Your task: Restate all the entries exactly as they appear, apart from the pictures.

Provided entries:
- - - -

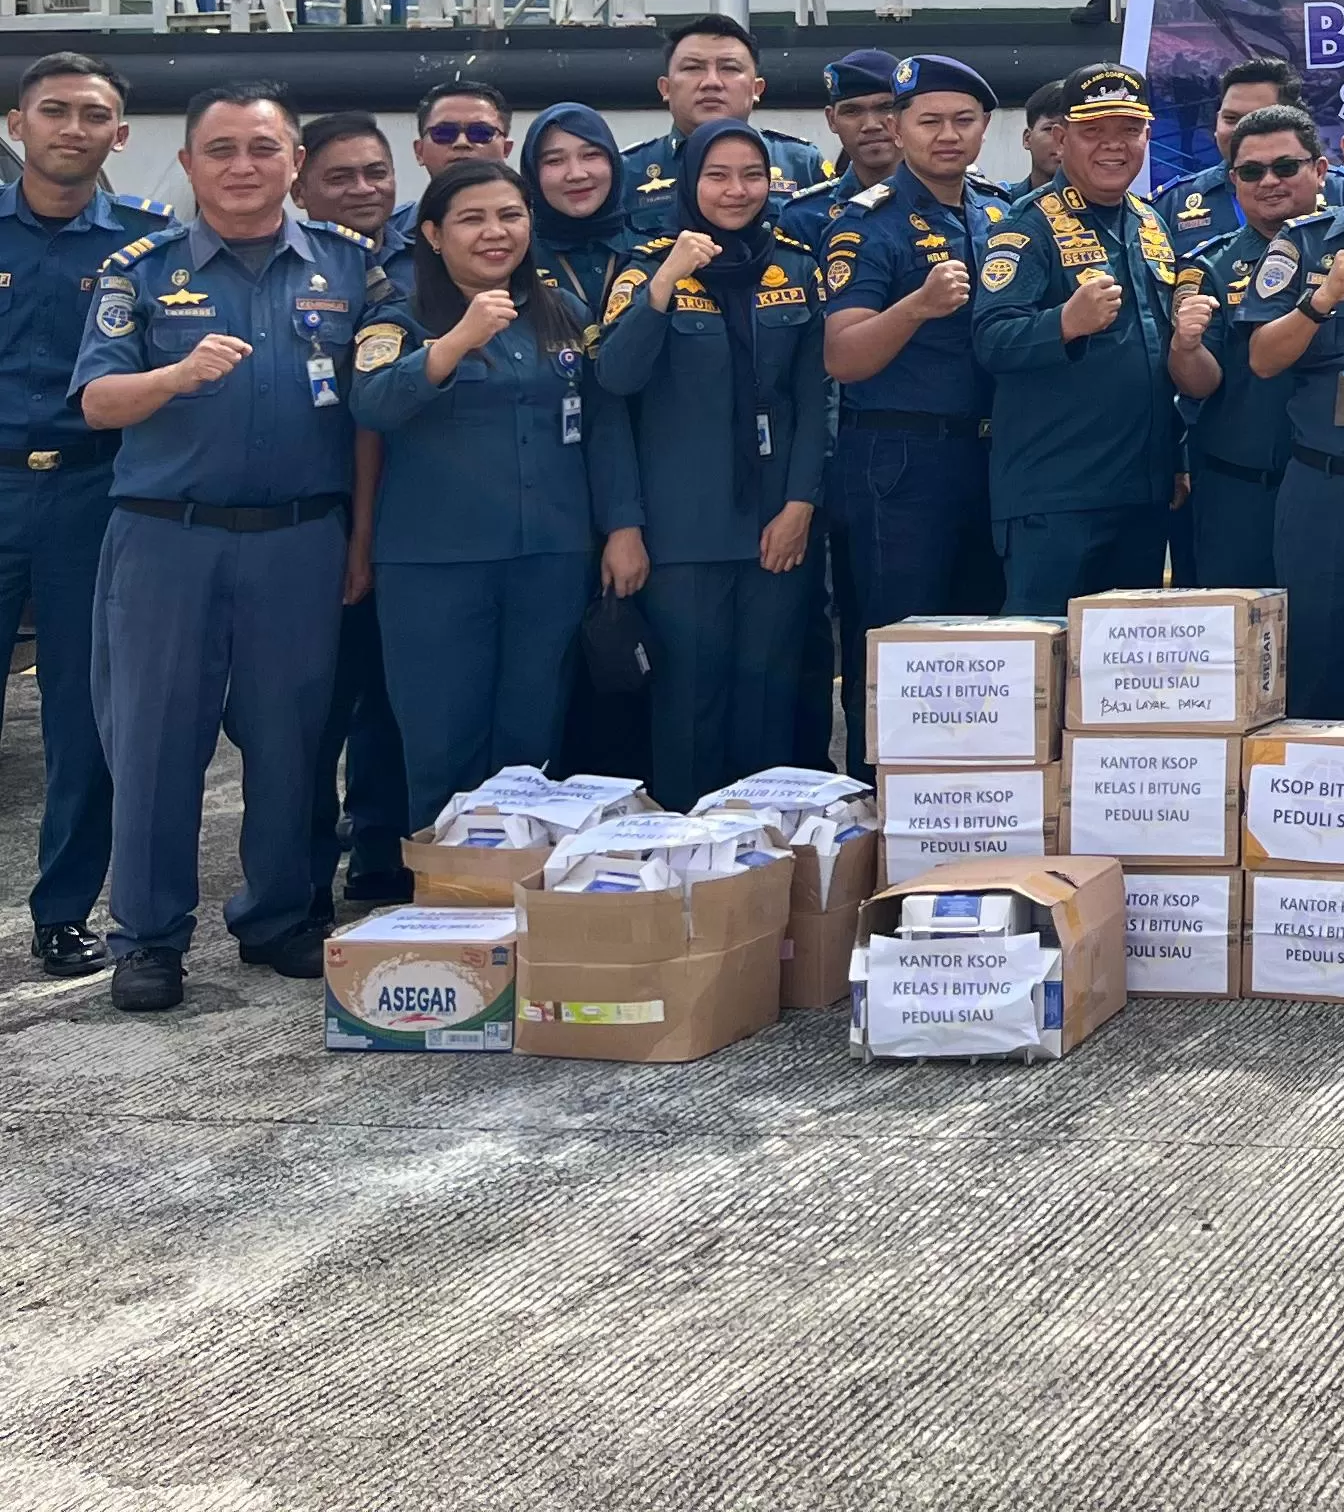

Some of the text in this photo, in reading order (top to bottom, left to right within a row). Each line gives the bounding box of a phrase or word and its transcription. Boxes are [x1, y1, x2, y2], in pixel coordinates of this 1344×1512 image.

[758, 289, 799, 305] KPLP
[1108, 625, 1206, 638] KANTOR KSOP
[1103, 650, 1210, 664] KELAS I BITUNG
[1263, 631, 1271, 691] ASEGAR
[906, 659, 1006, 673] KANTOR KSOP
[1114, 676, 1200, 689] PEDULI SIAU
[901, 684, 1010, 698] KELAS I BITUNG
[1136, 699, 1170, 711] LAYAK
[1178, 698, 1212, 709] PAKAI
[912, 711, 999, 724] PEDULI SIAU
[1100, 756, 1198, 770] KANTOR KSOP
[1094, 781, 1202, 795] KELAS I BITUNG
[1269, 777, 1315, 797] KSOP
[913, 791, 1014, 805] KANTOR KSOP
[1104, 808, 1190, 821] PEDULI SIAU
[1272, 808, 1332, 828] PEDULI
[909, 816, 1018, 829] KELAS I BITUNG
[920, 841, 1007, 854] PEDULI SIAU
[1126, 893, 1200, 908] NTOR KSOP
[1280, 898, 1337, 914] KANTOR
[1150, 919, 1203, 934] BITUNG
[1274, 922, 1314, 937] KELAS
[1125, 944, 1192, 959] DULI SIAU
[1286, 948, 1334, 964] PEDULI
[899, 955, 1007, 970] KANTOR KSOP
[893, 981, 1012, 995] KELAS I BITUNG
[378, 986, 457, 1012] ASEGAR
[902, 1009, 994, 1025] PEDULI SIAU
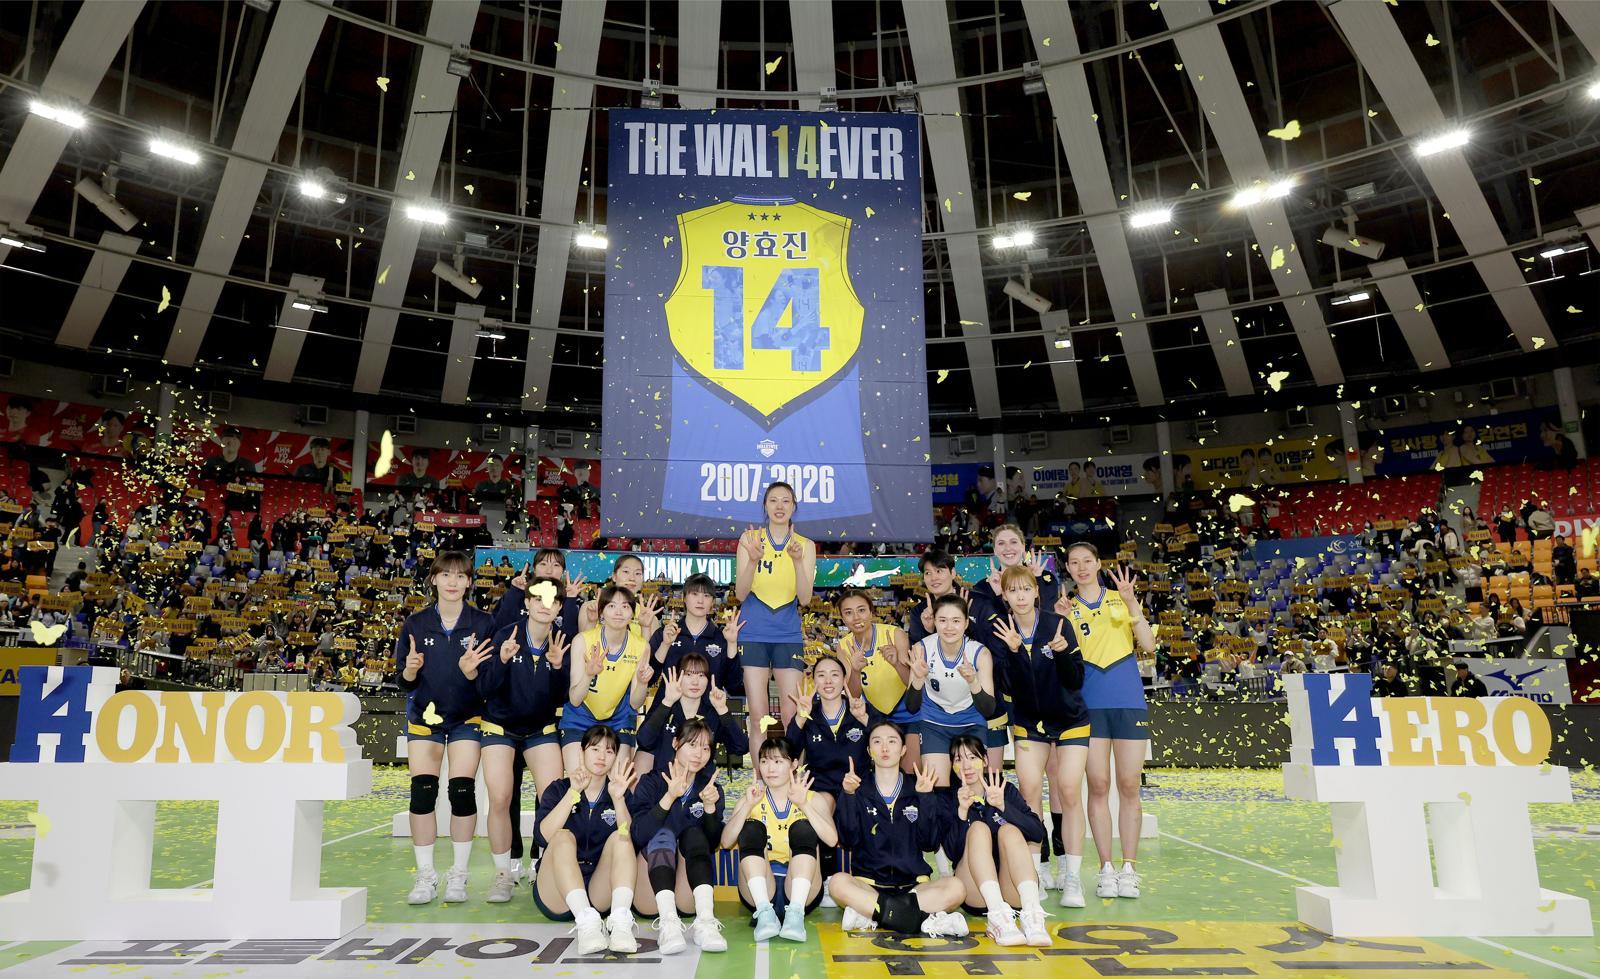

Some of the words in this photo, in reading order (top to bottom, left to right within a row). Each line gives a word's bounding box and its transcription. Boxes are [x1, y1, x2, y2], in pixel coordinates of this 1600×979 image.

[624, 122, 687, 176] THE
[693, 123, 905, 180] WAL14EVER
[722, 229, 809, 261] 양효진
[702, 265, 830, 372] 14
[696, 556, 732, 583] YOU
[757, 559, 773, 574] 14
[1080, 623, 1091, 636] 9
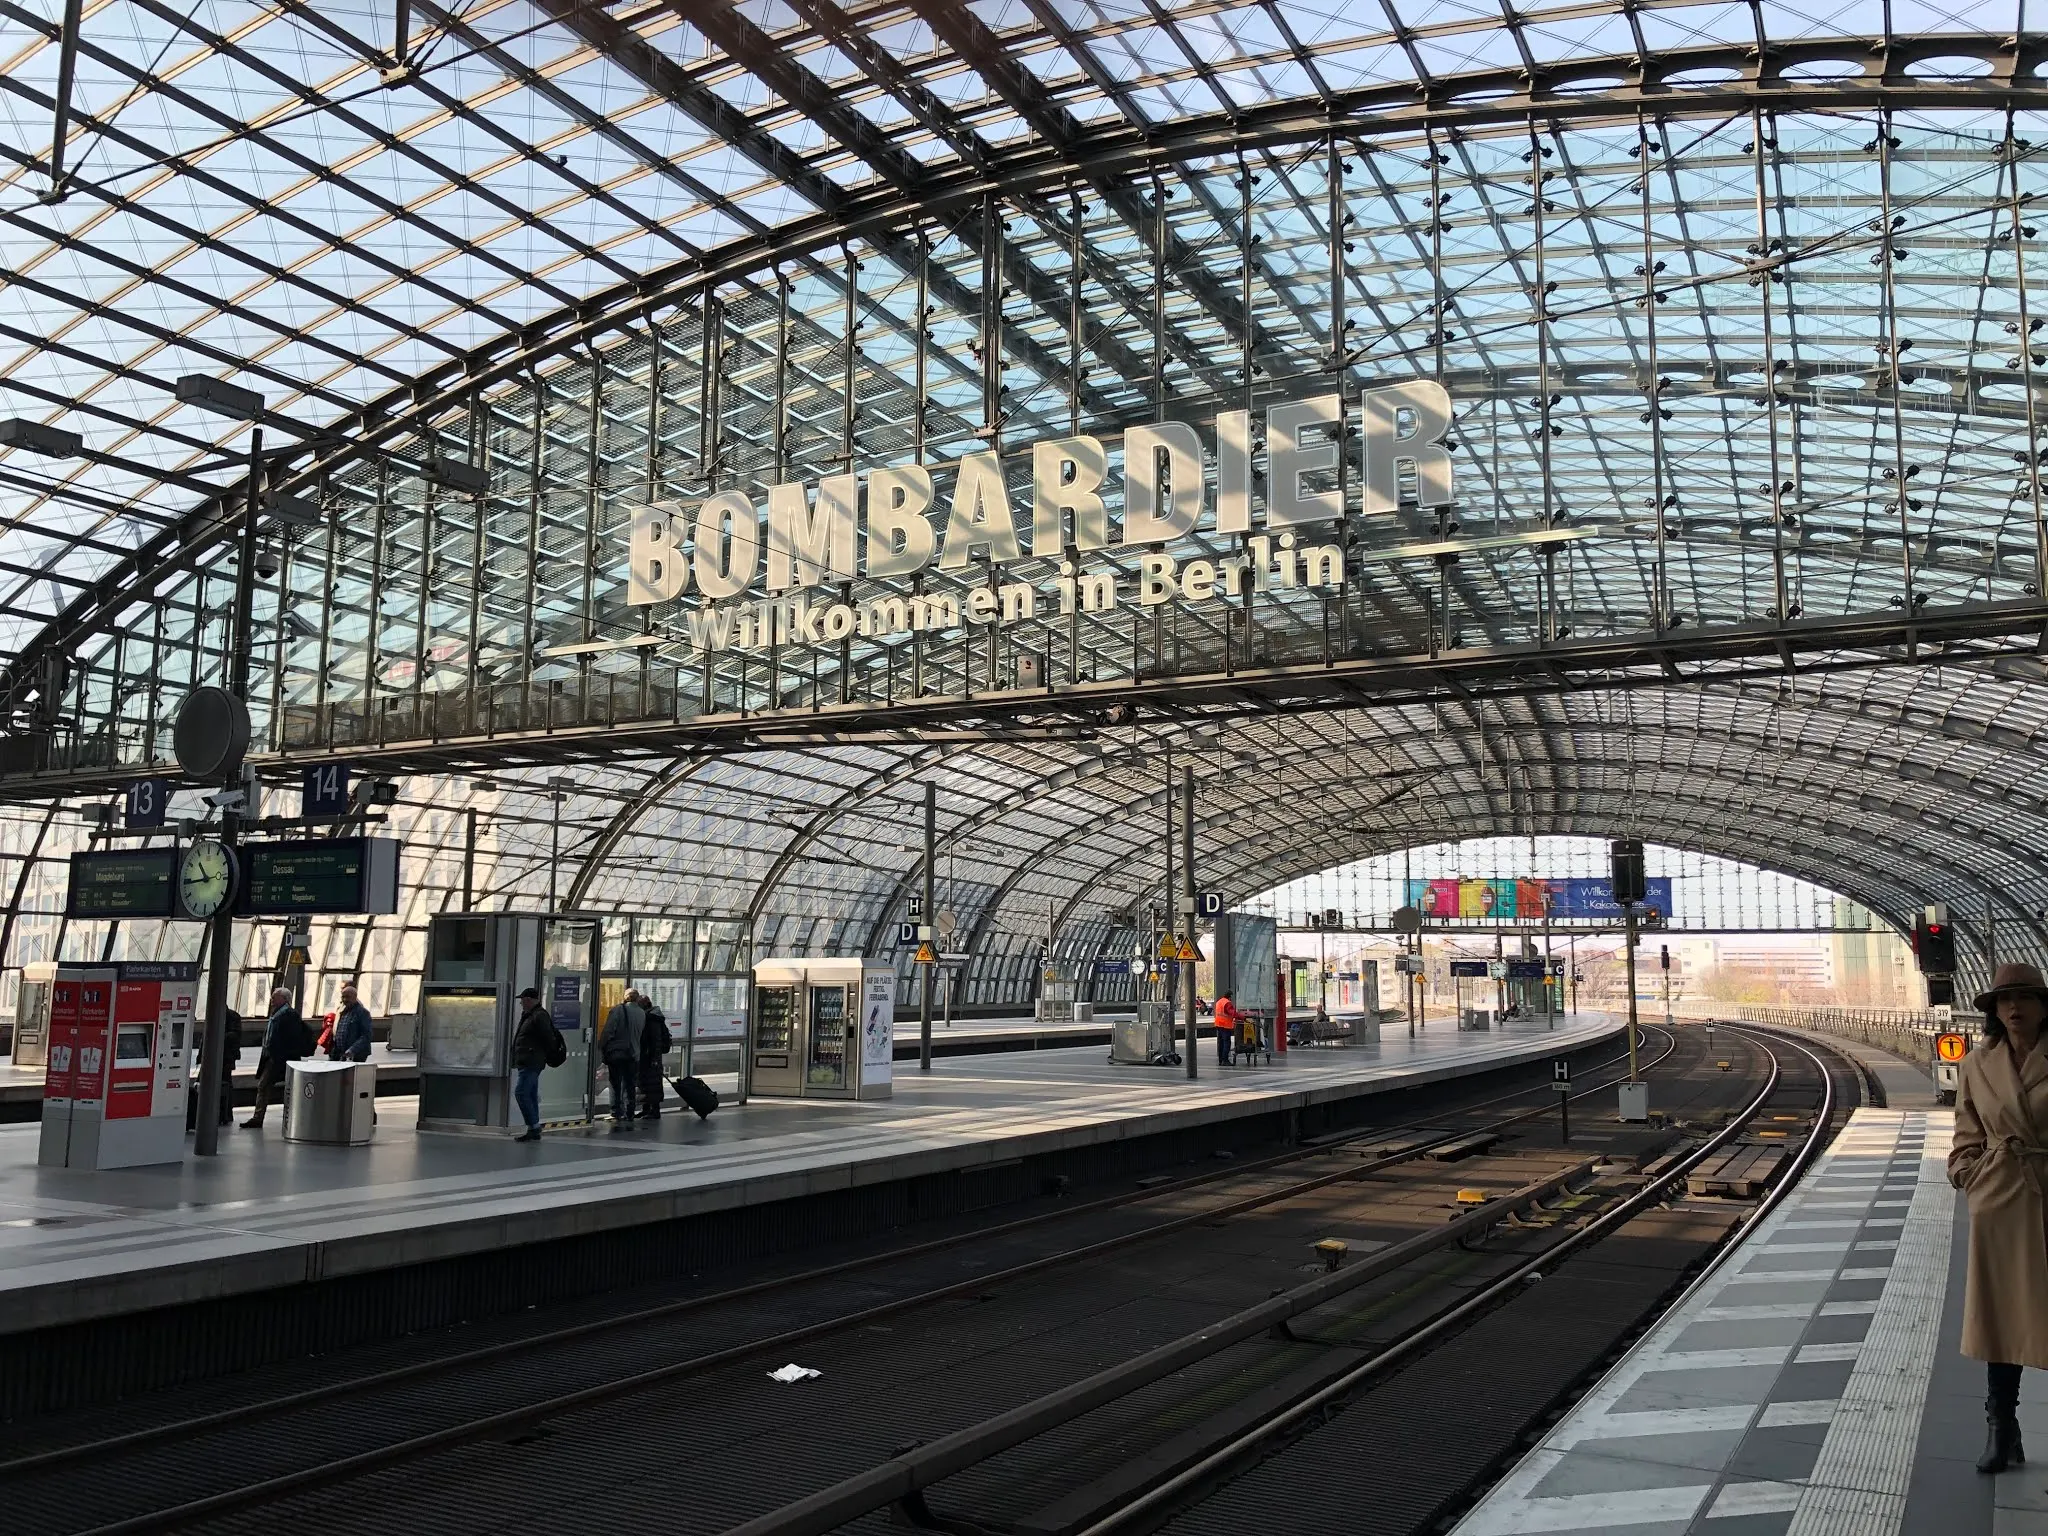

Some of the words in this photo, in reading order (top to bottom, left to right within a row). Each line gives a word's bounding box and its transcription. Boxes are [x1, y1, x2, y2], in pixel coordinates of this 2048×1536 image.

- - - -

Exercise answer:
Some of the text in this photo, in reading order (top to bottom, left to right within a row). Each line gives the bounding box of a phrase or word and its transcription. Boxes are [x1, y1, x2, y2], in pixel coordinates of this 1344×1512 image.

[758, 289, 799, 305] KPLP
[1108, 625, 1206, 638] KANTOR KSOP
[1103, 650, 1210, 664] KELAS I BITUNG
[1263, 631, 1271, 691] ASEGAR
[906, 659, 1006, 673] KANTOR KSOP
[1114, 676, 1200, 689] PEDULI SIAU
[901, 684, 1010, 698] KELAS I BITUNG
[1136, 699, 1170, 711] LAYAK
[1178, 698, 1212, 709] PAKAI
[912, 711, 999, 724] PEDULI SIAU
[1100, 756, 1198, 770] KANTOR KSOP
[1094, 781, 1202, 795] KELAS I BITUNG
[1269, 777, 1315, 797] KSOP
[913, 791, 1014, 805] KANTOR KSOP
[1104, 808, 1190, 821] PEDULI SIAU
[1272, 808, 1332, 828] PEDULI
[909, 816, 1018, 829] KELAS I BITUNG
[920, 841, 1007, 854] PEDULI SIAU
[1126, 893, 1200, 908] NTOR KSOP
[1280, 898, 1337, 914] KANTOR
[1150, 919, 1203, 934] BITUNG
[1274, 922, 1314, 937] KELAS
[1125, 944, 1192, 959] DULI SIAU
[1286, 948, 1334, 964] PEDULI
[899, 955, 1007, 970] KANTOR KSOP
[893, 981, 1012, 995] KELAS I BITUNG
[378, 986, 457, 1012] ASEGAR
[902, 1009, 994, 1025] PEDULI SIAU

Some of the words in this photo, in reading order (top to bottom, left to right within a row). Each line gives a word's bounding box and its transcription. Boxes are [x1, y1, x2, y2], in pixel coordinates of this 1600×979 image.

[624, 122, 687, 176] THE
[693, 123, 905, 180] WAL14EVER
[722, 229, 809, 261] 양효진
[702, 265, 830, 372] 14
[696, 556, 732, 583] YOU
[757, 559, 773, 574] 14
[1080, 623, 1091, 636] 9

Some of the words in this photo, in reading order (top to bottom, left to right within a row). Each line gives a word's bounding box and its transcription. Boxes are [x1, y1, x2, y2], in pixel coordinates of this 2048×1536 image.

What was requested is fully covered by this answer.